My end goal is to turn this spreadsheet into a generator.
 

ELF

Generator Sage
Wizard of Story
Wizard of Combat
I've collected a few resources that have lists of NPC traits, including an RPT blog post with a whole bunch of them.
I have been collecting a spreadsheet like that as well (my Twitter bot utilizes some of that, although not very efficiently). I have found that for complex generators, a manual processing stage on a spreadsheet can indeed be quite helpful. With YAML support that has become even easier.

I now want to collate all into a spreadsheet and categorize them (eg physical, mental, behavioural, etc.).
I would categorize them in a more fine-grained manner, so that you won't generate NPCs that would be, for example, lazy and energetic, curious and apathetic, etc. I have tried to find the best approach for that, and using the modern Big Five personality model would seem to produce better results than, say, Myers-Briggs, not to mention pseudoscience like enneagrams or horoscopes - although they can have their uses, too.

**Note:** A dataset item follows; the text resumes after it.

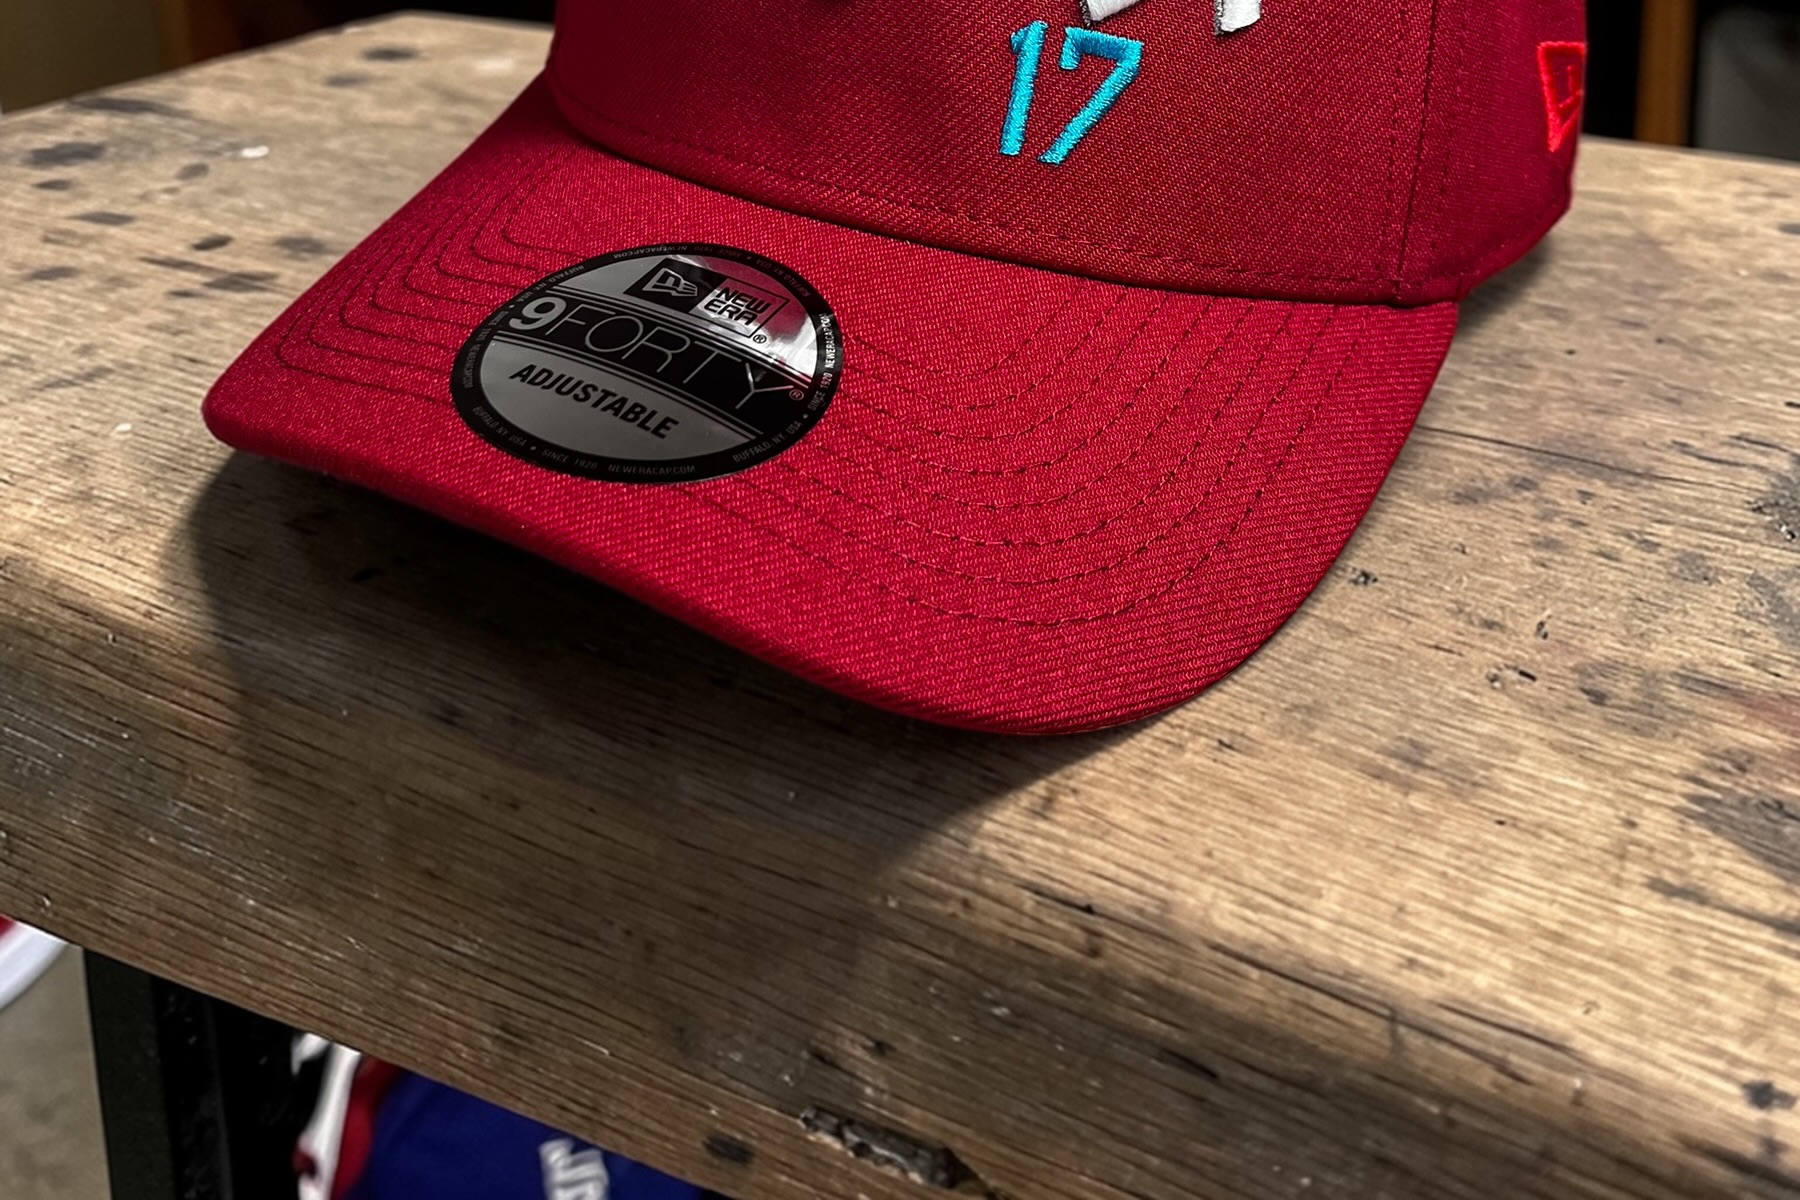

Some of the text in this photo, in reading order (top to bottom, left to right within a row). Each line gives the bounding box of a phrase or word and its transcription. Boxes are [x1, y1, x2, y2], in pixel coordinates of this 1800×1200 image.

And then I want to add a brief blurb (say, 10 words or so) that quickly describes the traits.
I think that the most usable format would be 'the end of a phrase', i.e. not including the subject or the predicate. That can then be combined flexibly with different sentence structures, tenses and persons as required. As in the table B below (pardon the lacking table formatting):

A)
  1. "The innkeeper is"
  2. "I am"
  3. "You have been"
B)
  1. "forgetting names and details"
  2. "offended if not addressed properly"
  3. "friendly to everyone in the same trade, and rude towards others"
Ideally, perfect world, there's another column with a system agnostic game effect of the trait.
That could be nice, but many traits work best just as characterization tools, and forcing them into a game mechanic could be quite artificial. That could work better on the category level (i.e. agreeable traits would give bonus to something, and neurotic traits would mean a penalty to something else). This would also negate the need to invent mechanics for hundreds of individual personality traits.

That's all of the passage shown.